I think I should begin like one of those TV shows with a complicated plot: "Previously, on How is Deb? …"

In May, Deb's regular twice-a-year CT scan showed something growing in her liver. We immediately thought it was a recurrence of one of her previous cancers and freaked. A biopsy showed it to be an epithelioid angiomyolipoma, a very rare beast indeed, but not as scary as breast cancer or GIST in the liver.

Nonetheless, it was growing and had to come out, so Deb had surgery on June 17, losing about half her liver plus her gall bladder. The surgery went well, but the pathology report didn't show clean margins, and the ultrasound during surgery showed two smaller lesions that might be similar growths. The plan then was to wait three months, then do another ultrasound and see what was what.

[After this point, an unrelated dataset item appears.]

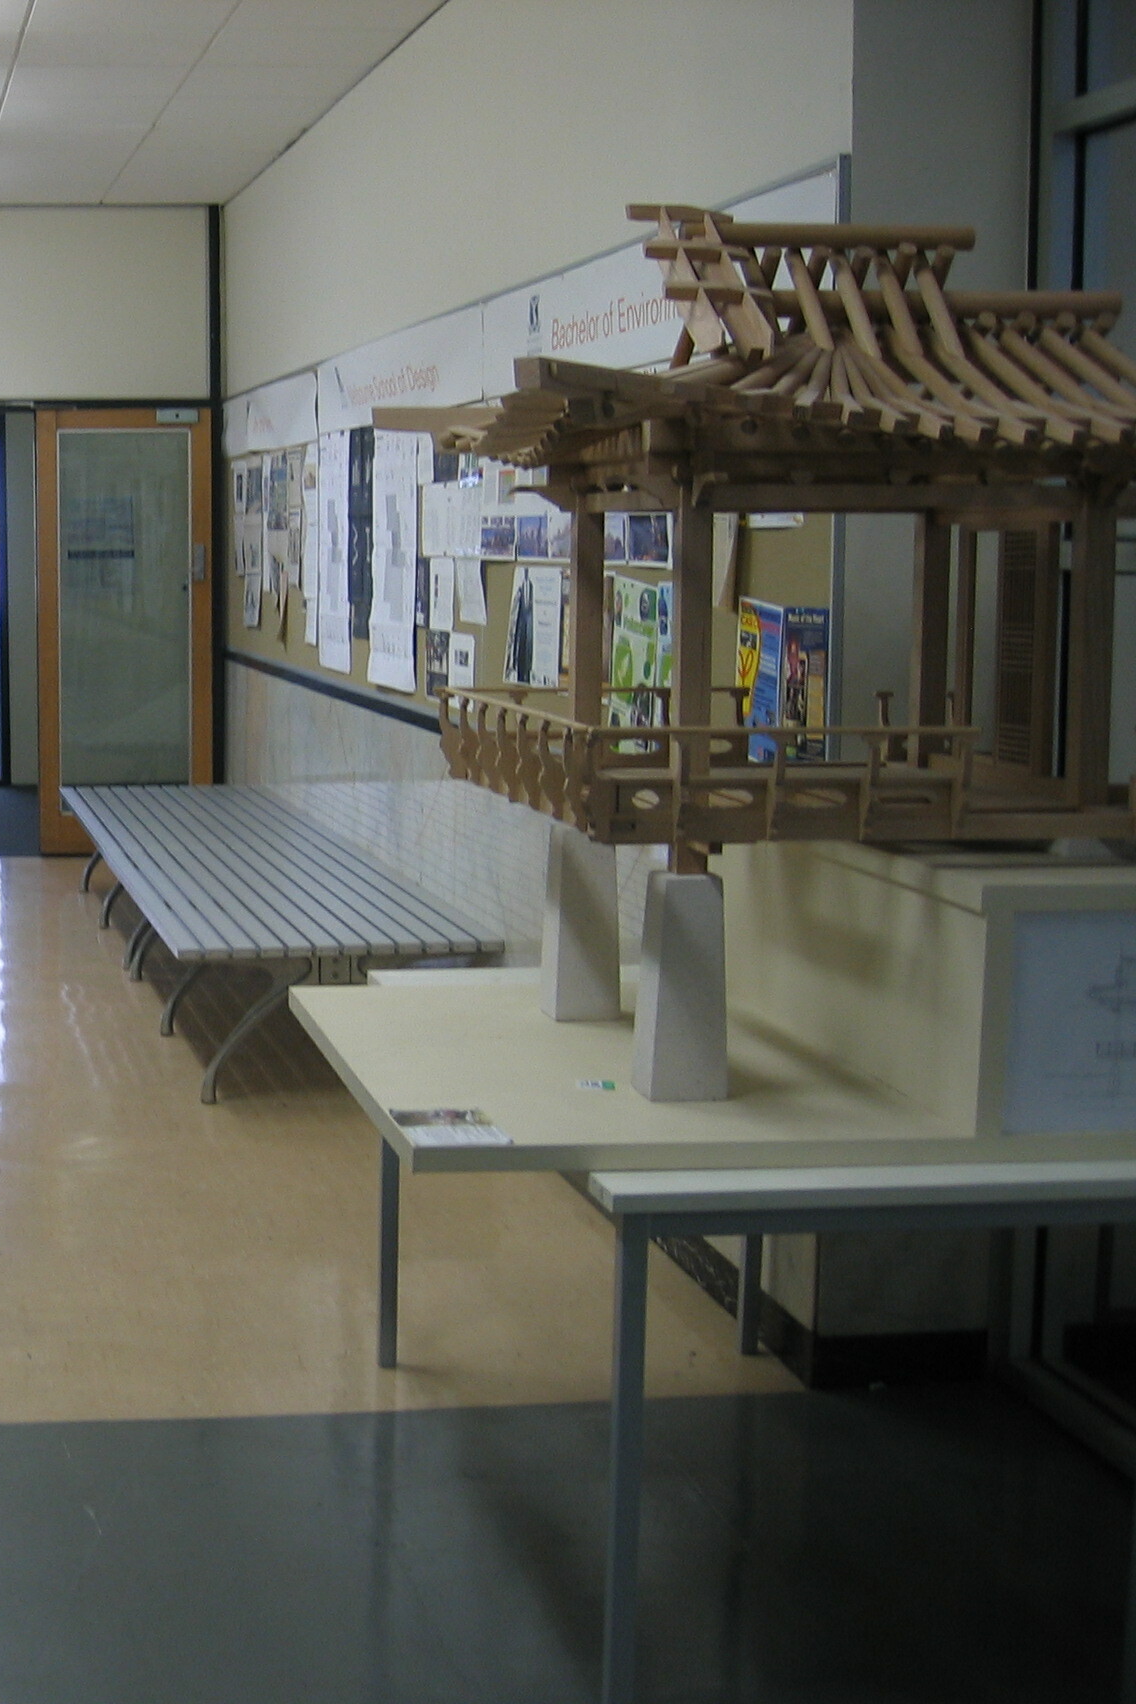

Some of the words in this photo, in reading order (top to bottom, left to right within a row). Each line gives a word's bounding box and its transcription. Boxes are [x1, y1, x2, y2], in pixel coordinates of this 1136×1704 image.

When you're dealing with something none of your doctors have ever seen before, the possibilities are endless: The remnants of the removed growth (those "dirty" margins) might keep growing, the two smaller growths left behind might get bigger. More of the buggers might show up. And so on. All summer, we were focusing on Deb recovering from surgery and trying not to focus on things we couldn't know.

Now that you're caught up, I can tell you about today: We just got back from the 3-month ultrasound, and none of the bad stuff has happened. Nothing was seen growing on the margins, and the two left-behind growths are the same size they were three months ago. (For all we know, they may have been there forever -- nobody had a reason to look for them until June.)

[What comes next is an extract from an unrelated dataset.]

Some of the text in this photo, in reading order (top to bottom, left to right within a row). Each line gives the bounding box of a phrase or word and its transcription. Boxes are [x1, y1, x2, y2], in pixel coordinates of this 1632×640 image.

I suppose you could imagine a better outcome at this point -- the two little lesions might have magically vanished or something -- but of the non-magical possibilities, this was the one we were hoping for.

As far as the recovery-from-surgery stuff, it's going slowly but well. She doesn't have her full energy back yet, but she's working her usual schedule and eating a normal diet. The ultrasound also showed a fluid build-up around the site of the surgery, but it doesn't seem to be infected and the doctors don't seem worried about it. They expect the fluid to get re-absorbed eventually.

Looking forward, we go back for another ultrasound and/or CT scan in six months.

1 comment:

  1. Very good news, indeed! May improved health and wellness brighten all your days.